Collect all the objects in a stream into a single array
Often you want to simply collect all the items in a stream into a single array
for batch processing. You can use #collect
for this:
var sl = require('streamlined');
myObjectModeStream()
.pipe(sl.map(md5browser))
.pipe(sl.collect(console.log));
// will print out an array of the md5 of the browser values
/**
[ '986c37480b1f1c2e443504b38b6361b4',
'986c37480b1f1c2e443504b38b6361b4',
'986c37480b1f1c2e443504b38b6361b4',
'b4540da93e13d1326d68d2258e45446e',
'986c37480b1f1c2e443504b38b6361b4' ]
*/
You can pass a second parameter to #data
which gets called on the end
event.
Perform Aggregate Calculations
Used in conjunction with some simple aggregating functions (such as those provided by defunct-aggregates, but you can easily write your own), you can do the object-stream equivalent of SQL SUMs and COUNTs, and MAX/MINs, here's a SUM:
var dagg = require('defunct-aggregates'),
sl = require('streamlined');
myObjectStream()
.pipe(sl.aggregate('properties.$initial_referring_domain', dagg.sum('properties.time')))

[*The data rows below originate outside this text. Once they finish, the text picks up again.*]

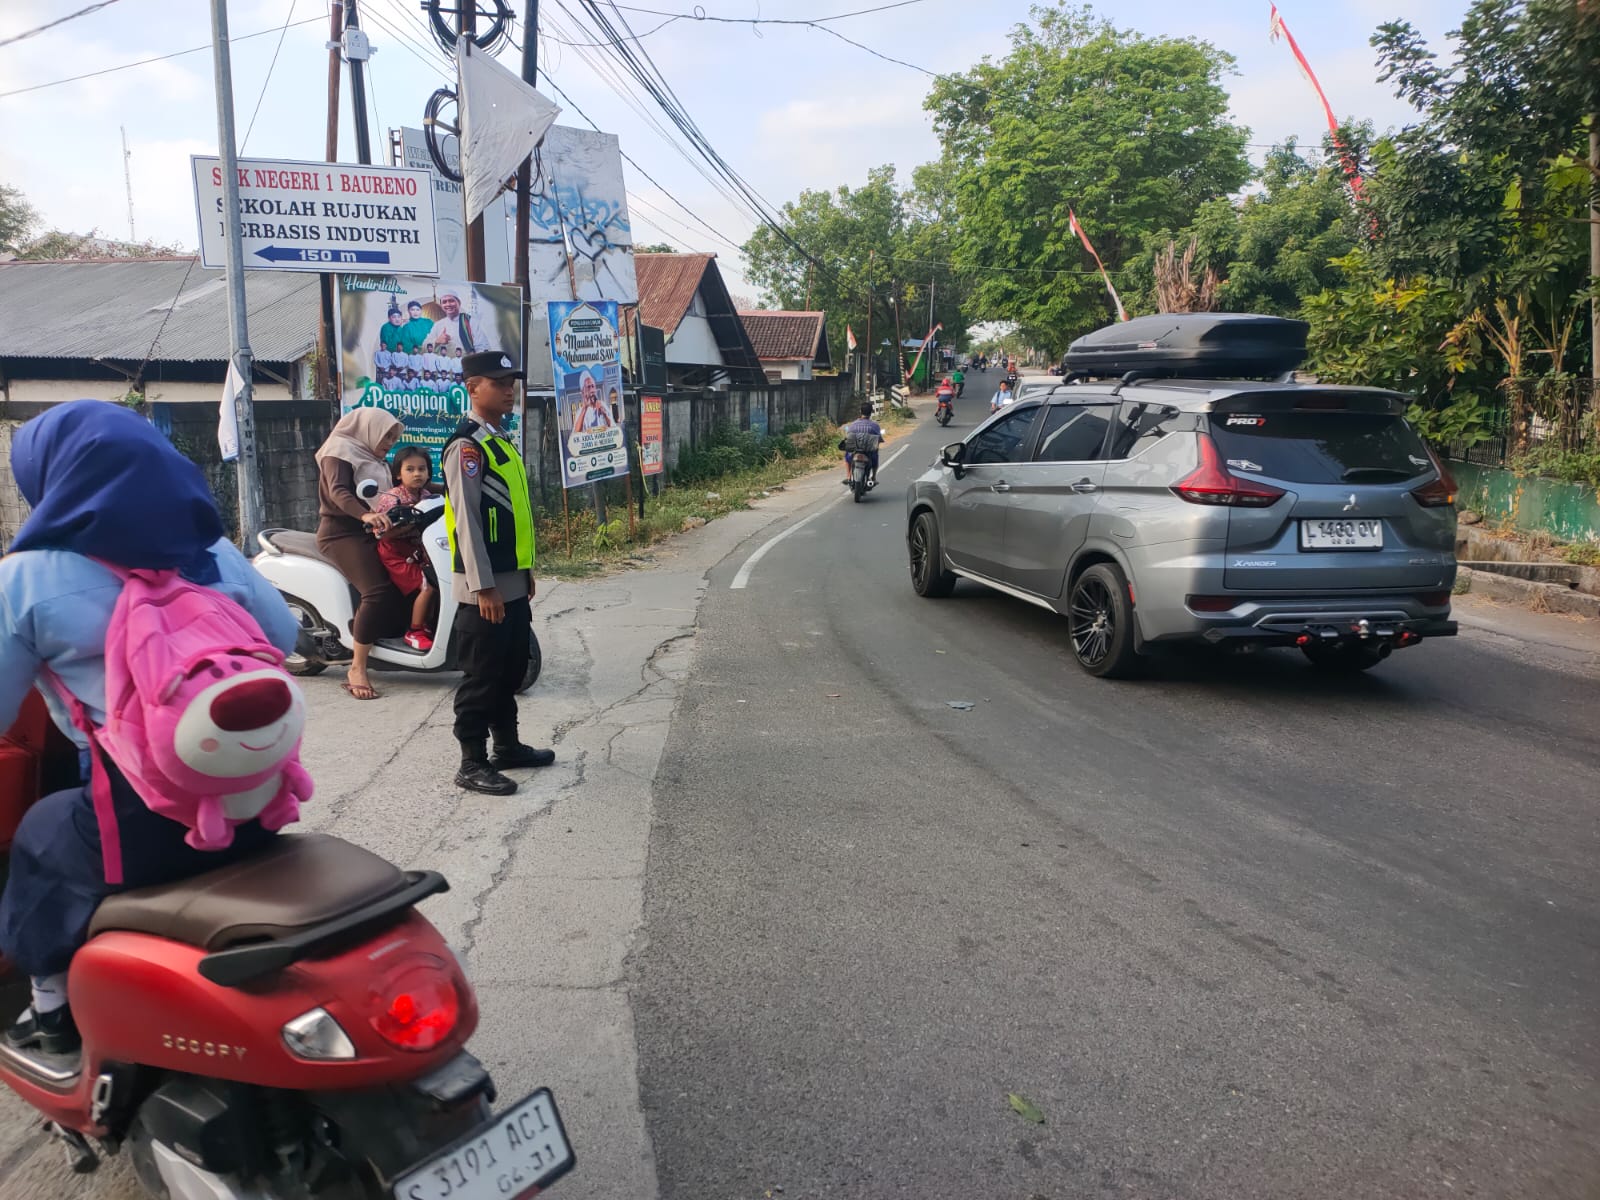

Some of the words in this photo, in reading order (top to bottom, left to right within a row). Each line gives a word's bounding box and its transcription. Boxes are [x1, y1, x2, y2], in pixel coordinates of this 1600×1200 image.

[212, 167, 251, 187] SK
[254, 169, 320, 191] NEGERI
[326, 172, 333, 191] 1
[340, 173, 417, 196] BAURENO
[322, 202, 416, 221] RUJUKAN
[326, 226, 420, 244] INDUSTRI
[298, 248, 332, 262] 150
[340, 251, 357, 263] m
[1226, 417, 1266, 427] PRO7
[1305, 521, 1317, 538] L
[162, 1034, 248, 1062] SCOOPY
[505, 1105, 550, 1150] ACI
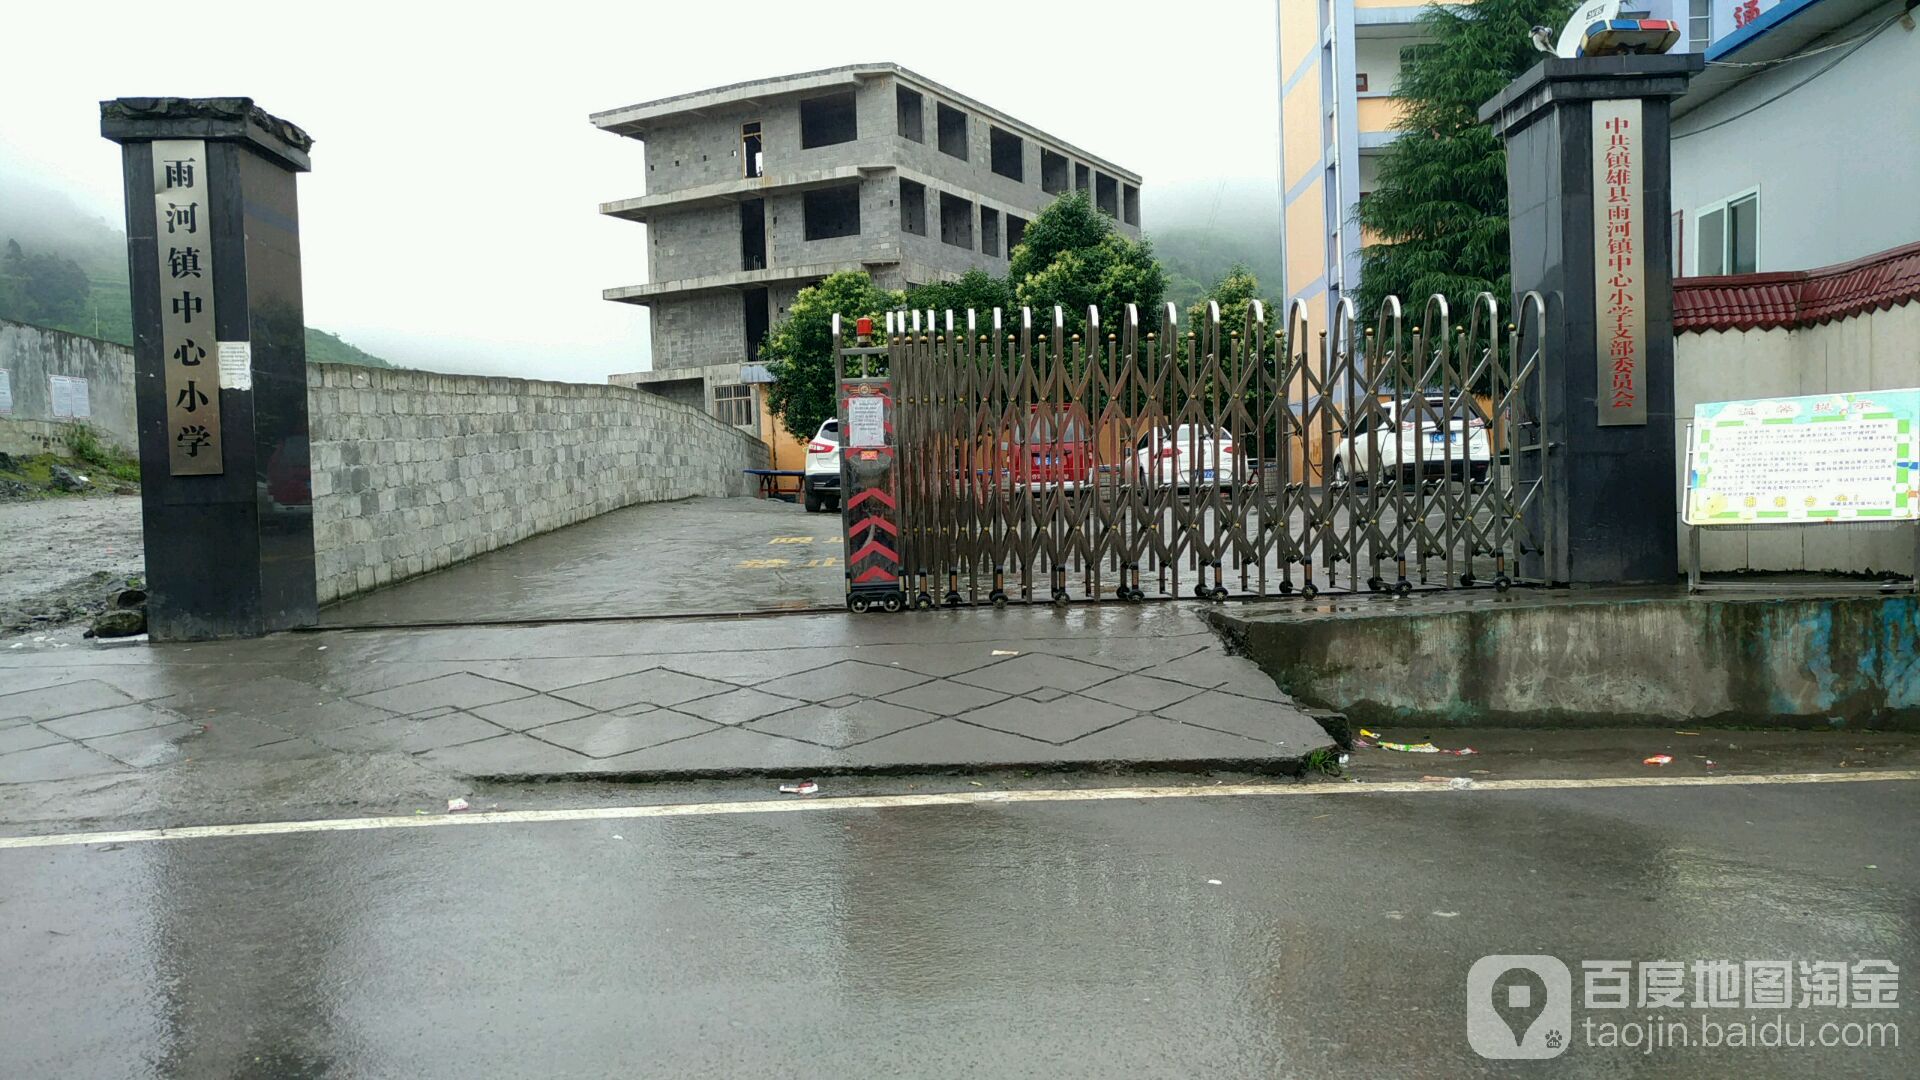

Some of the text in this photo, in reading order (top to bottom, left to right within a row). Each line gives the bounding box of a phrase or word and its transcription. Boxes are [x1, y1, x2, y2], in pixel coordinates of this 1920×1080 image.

[163, 158, 212, 458] 雨河镇中心小学
[1604, 117, 1635, 408] 中共镇雄县雨河镇中心小学支部委员会

.on('data', function (data) {
console.log(data);
/*
{
'$direct': 2465011296034,
'www.something.com': 8374730552,
'mail.qq.com': 18145722876,
'cwebmail.mail.163.com': 2791450358,
'm.email.seznam.cz': 4187199003,
undefined: 2791546093,
'm.facebook.com': 2791563670,
'www.google.co.uk': 2791596886,
'nm20.abv.bg': 2791603002,
'www.google.com': 18146059483,
'webmailb.netzero.net': 13958396912,
'webmail.kitchenrefacers.ca': 4187590206,
'www.ekit.com': 2791762707,
'webmail.myway.com': 13958909358,
'poczta.wp.pl': 2791781736 }
*/
});
The #aggregate
function takes two arguments. The first is a locator expression
that will locate the field to GROUP BY. The second is an aggregating function.
The signature of the aggregating function is:
function (accumulator, data, [columnn name]) {
// modify the accumulator
return accumulator;
}
To see more about how these are implemented, check out defunct-aggregates.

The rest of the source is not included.